*WHAT TO DO*
Restate exactly, and only, the lines from the one containing "this 1270×1693 image." through the end of the entries, keeping both endpoints.

•••

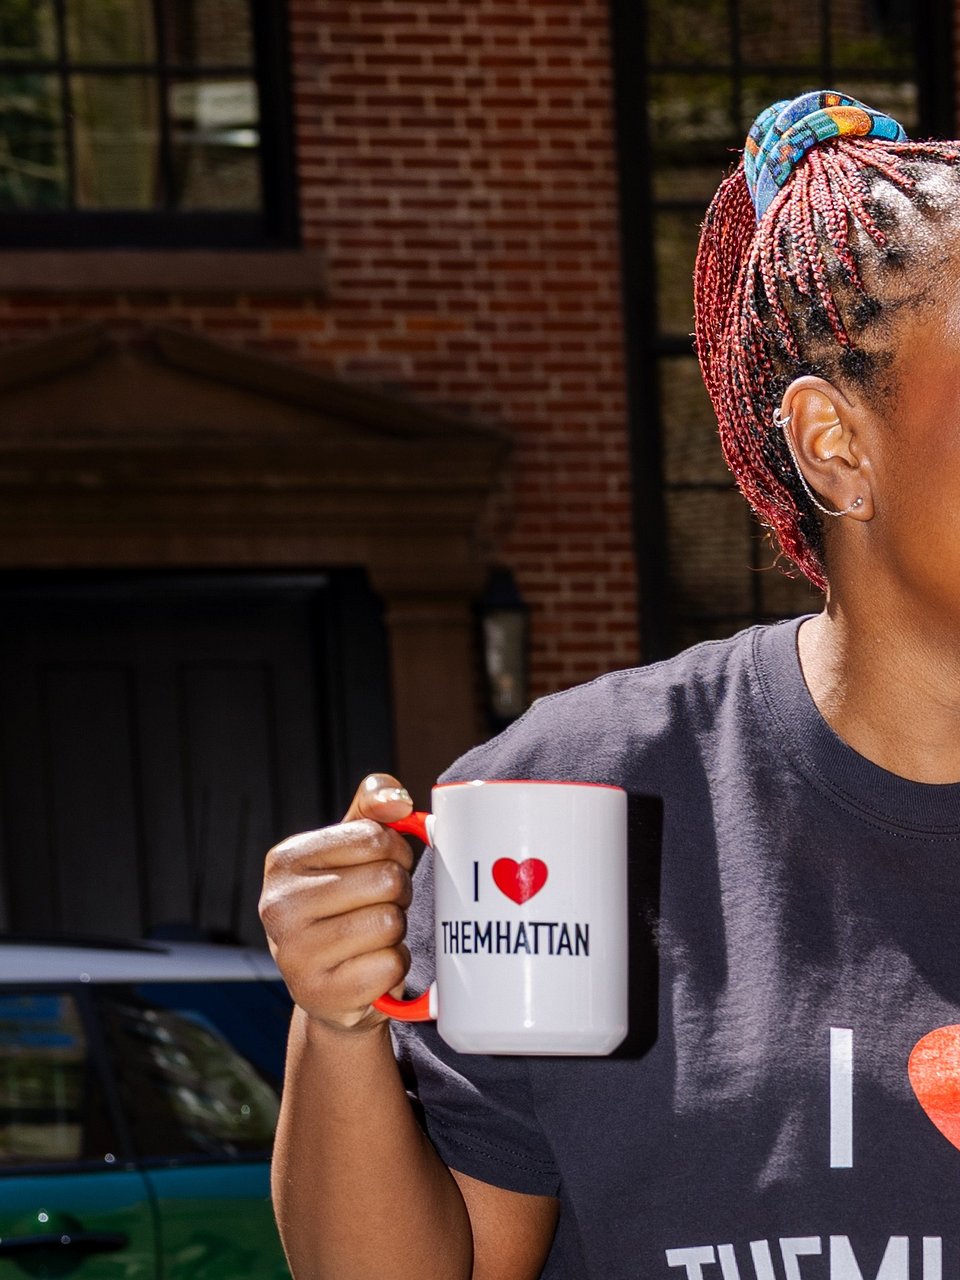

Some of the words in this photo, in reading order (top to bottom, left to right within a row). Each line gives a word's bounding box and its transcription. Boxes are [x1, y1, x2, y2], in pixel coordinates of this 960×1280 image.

[473, 860, 479, 902] I
[441, 920, 590, 956] THEMHATTAN
[829, 1026, 854, 1168] I
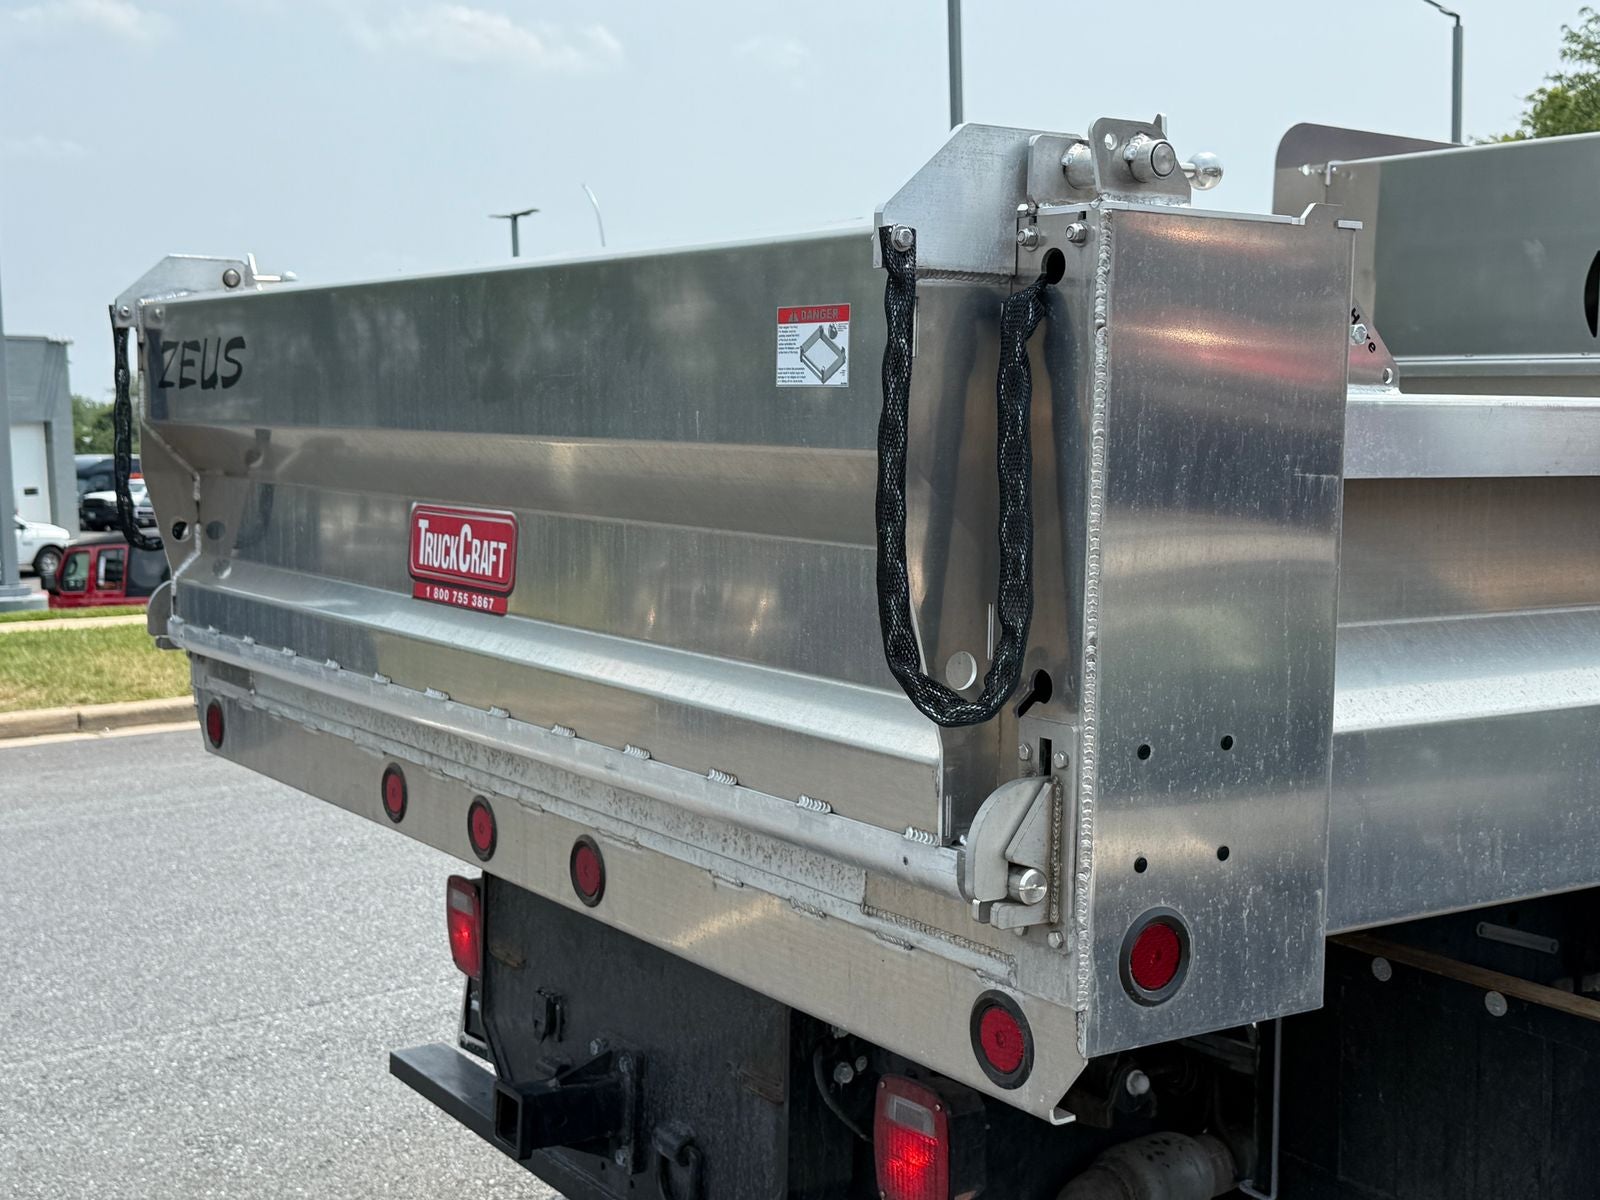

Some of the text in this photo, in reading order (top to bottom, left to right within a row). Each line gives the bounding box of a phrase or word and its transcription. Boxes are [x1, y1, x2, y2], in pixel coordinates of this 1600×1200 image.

[801, 308, 839, 321] DANGER
[158, 336, 246, 390] ZEUS
[426, 586, 495, 610] 1 800 755 3867
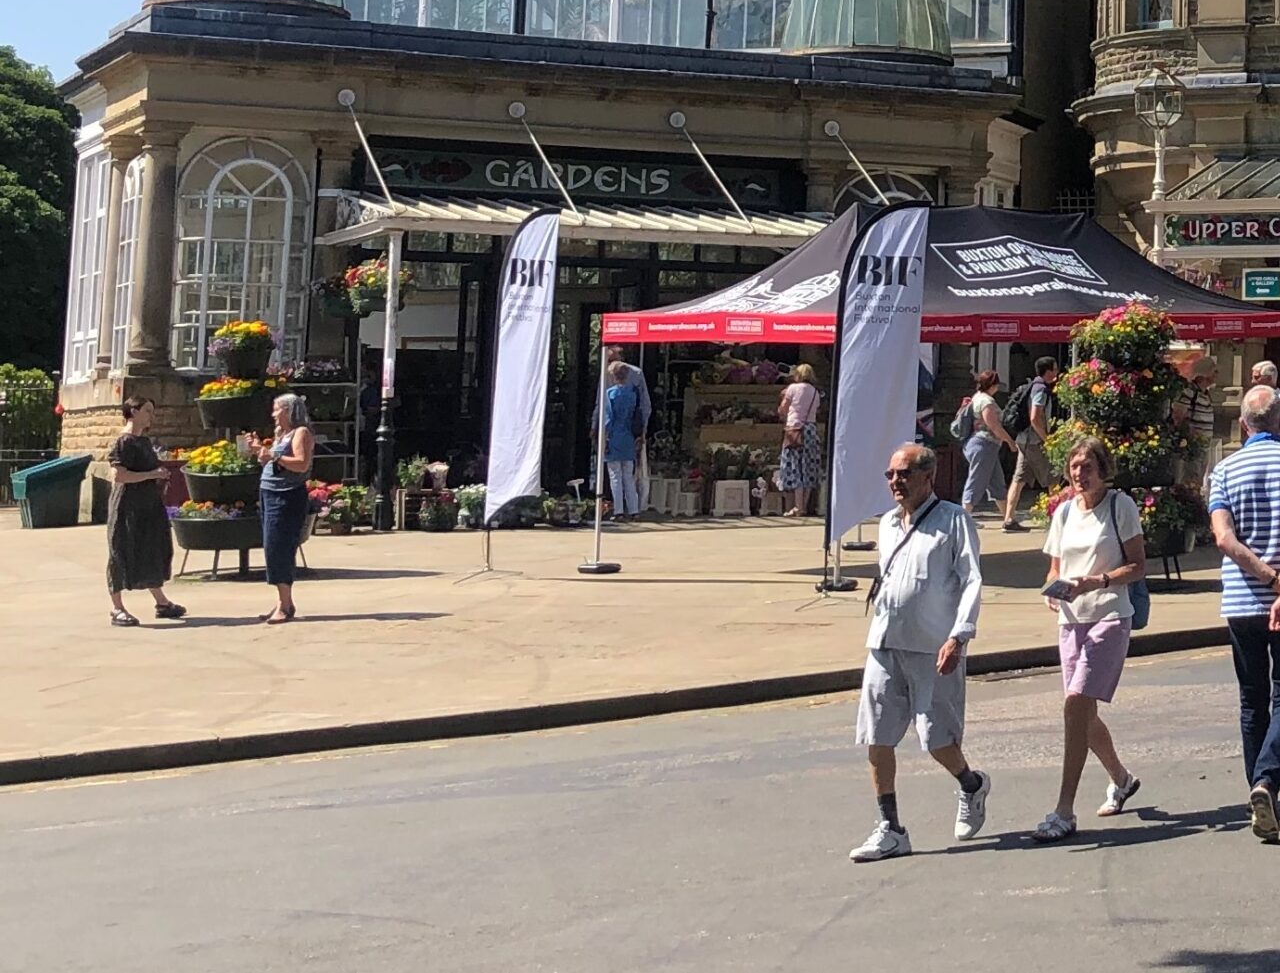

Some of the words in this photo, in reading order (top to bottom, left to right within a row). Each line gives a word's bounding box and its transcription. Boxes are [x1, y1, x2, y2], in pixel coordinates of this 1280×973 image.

[485, 159, 671, 195] GARDENS
[1187, 219, 1260, 239] UPPER
[956, 242, 1011, 263] BUXTON
[958, 262, 974, 275] &
[972, 255, 1028, 274] PAVILION
[509, 258, 554, 288] BIF
[857, 255, 923, 287] BIF
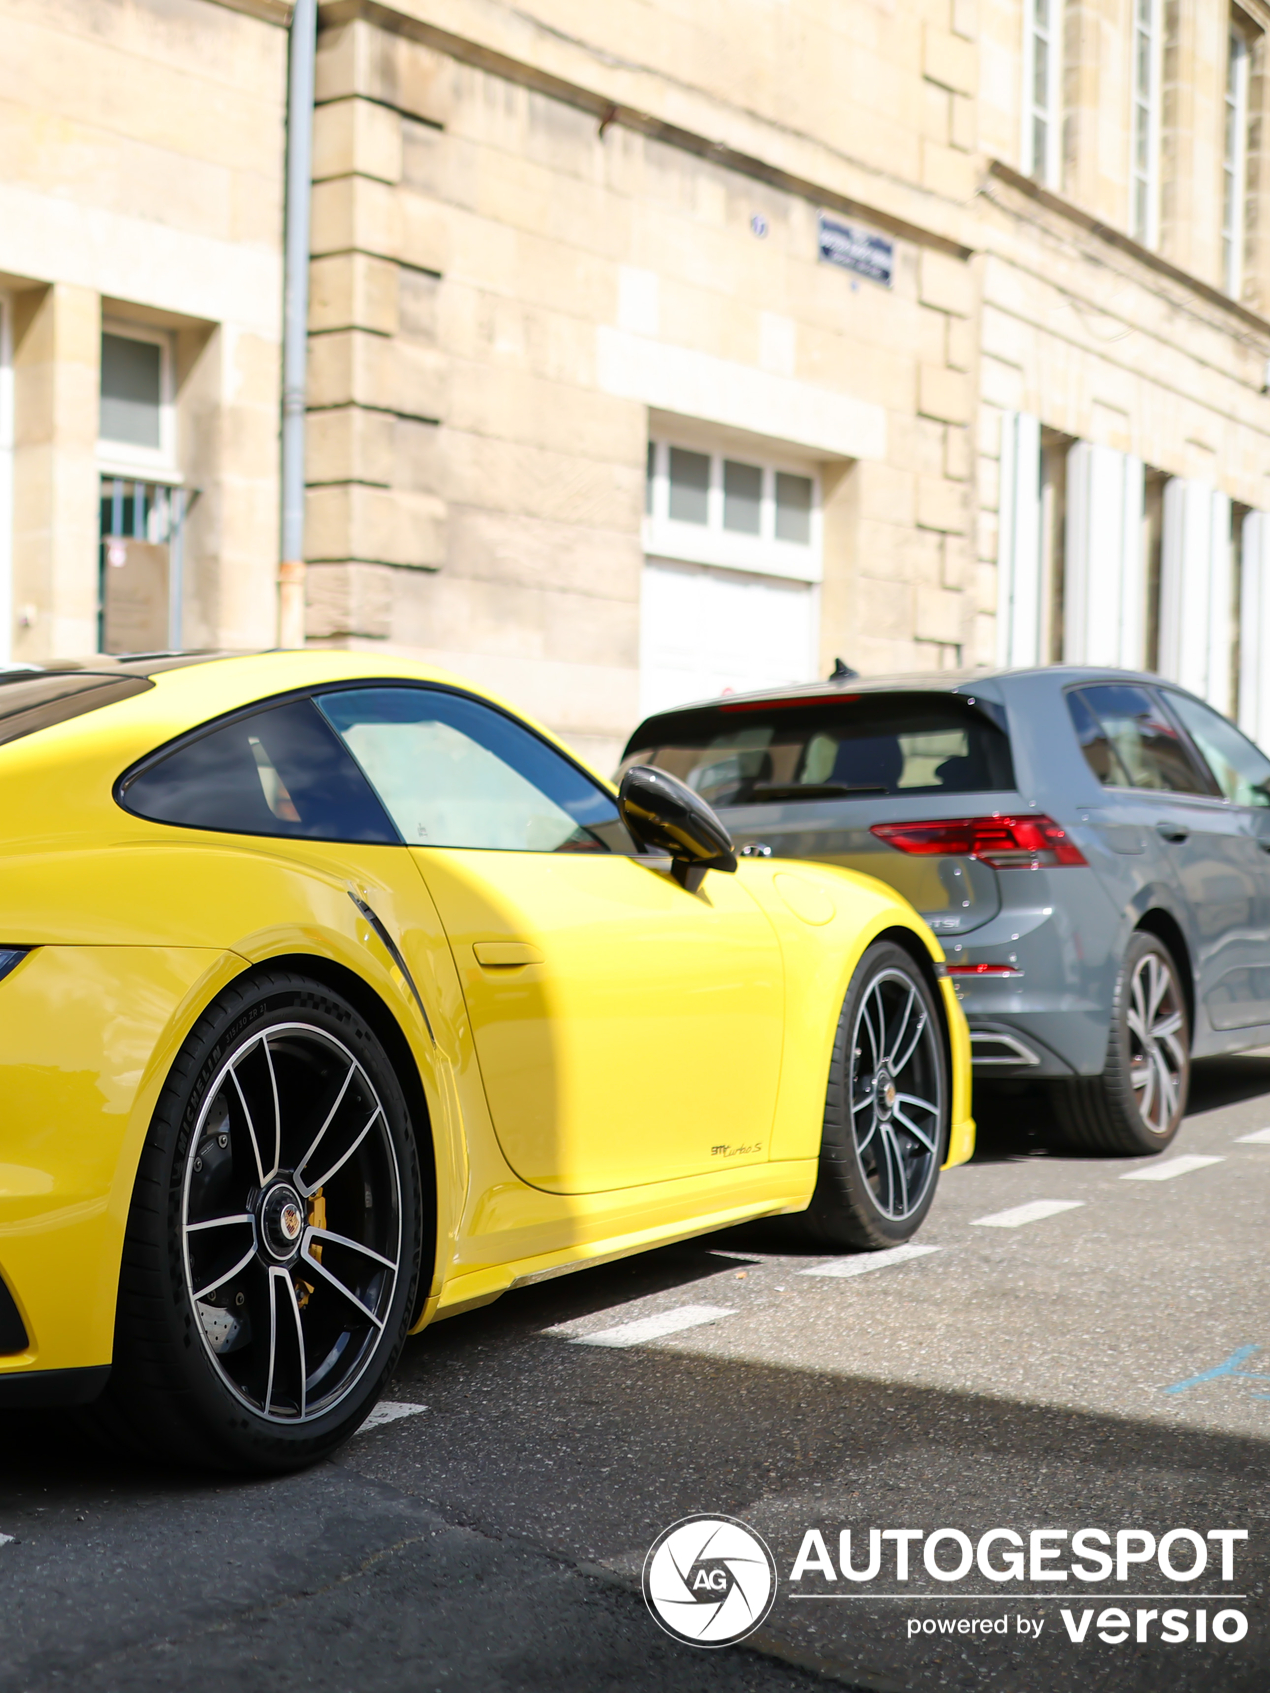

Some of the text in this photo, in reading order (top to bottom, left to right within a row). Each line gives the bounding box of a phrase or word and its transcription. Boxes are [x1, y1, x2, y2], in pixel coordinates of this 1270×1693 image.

[225, 1003, 267, 1043] 315/30 ZR 21
[177, 1044, 222, 1155] MICHELIN

•••

*EXPECTED OUTPUT*
Some of the text in this photo, in reading order (top to bottom, left to right within a row). Each line gives the bounding box of a phrase or word and its transcription. Boxes are [x1, y1, x2, y2], in pixel coordinates of this 1270×1693 image.

[225, 1003, 267, 1043] 315/30 ZR 21
[177, 1044, 222, 1155] MICHELIN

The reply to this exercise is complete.